The Pomo Project began with a Pomo dancer's response to my art work. Most traditional Pomo culture available to experience today, at least as a non-Pomo person, inhabits the beautiful dancers, dance songs, & regalia.
So naturally I'm painting dancers.
Armando Williams saw something in my work that he trusted. He has a beautiful way of holding confidence in me & the other artists. He helps us learn Pomo medicine, then believes that what we bring create comes from spirit.
I both love this approach & tremble within it. How can what I do be right? Ah. Relaxing into the mystery & trusting. Oooh. Hard work, & joyous.
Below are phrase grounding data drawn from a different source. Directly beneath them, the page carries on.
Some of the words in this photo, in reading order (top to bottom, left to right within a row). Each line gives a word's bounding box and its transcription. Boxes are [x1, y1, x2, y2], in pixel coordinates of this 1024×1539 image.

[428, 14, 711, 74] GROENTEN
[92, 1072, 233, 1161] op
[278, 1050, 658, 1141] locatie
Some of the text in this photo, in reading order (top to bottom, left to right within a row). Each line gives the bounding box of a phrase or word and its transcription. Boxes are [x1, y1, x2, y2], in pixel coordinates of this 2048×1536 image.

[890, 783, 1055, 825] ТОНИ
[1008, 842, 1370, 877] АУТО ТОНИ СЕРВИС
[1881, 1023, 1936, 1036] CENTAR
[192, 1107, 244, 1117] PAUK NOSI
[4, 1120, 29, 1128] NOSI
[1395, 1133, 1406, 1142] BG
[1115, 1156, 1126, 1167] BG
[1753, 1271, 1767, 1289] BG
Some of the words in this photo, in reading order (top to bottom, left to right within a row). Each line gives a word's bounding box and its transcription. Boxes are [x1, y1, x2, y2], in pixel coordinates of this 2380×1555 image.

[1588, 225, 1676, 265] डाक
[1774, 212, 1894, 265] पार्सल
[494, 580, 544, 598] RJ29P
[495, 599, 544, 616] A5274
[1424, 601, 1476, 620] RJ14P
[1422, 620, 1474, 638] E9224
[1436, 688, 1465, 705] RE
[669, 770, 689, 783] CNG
This 18 x 24" acrylic painting, Dancer & Swallows, is actually painted over an older work. In the flush of a relationship that later fell apart, I painted my dear one & me sitting romantically among the wonderful skimming violet-green swallows of the Laguna de Santa Rosa. After things ended badly, I gessoed out the figures, leaving the swallows ready for some better purpose.
The twist that Armando's faith allows to emerge in my paintings is something I see in the Pomo dancers' ceremony, feel in their rhythms: that dancing keeps life healthy, heals the earth, invigorates our sacred relationship to other life.
This dancer's movement & prayer helps the swallows be abundant. Their abundance helps her dance.
This isn't something any Pomo person told me. It's something the land speaks. I'm attracted to Pomo & other native people because I hear the language of the land in their seeing & doing. Like everyone, I've starved to hear the fact of conscious land spoken aloud.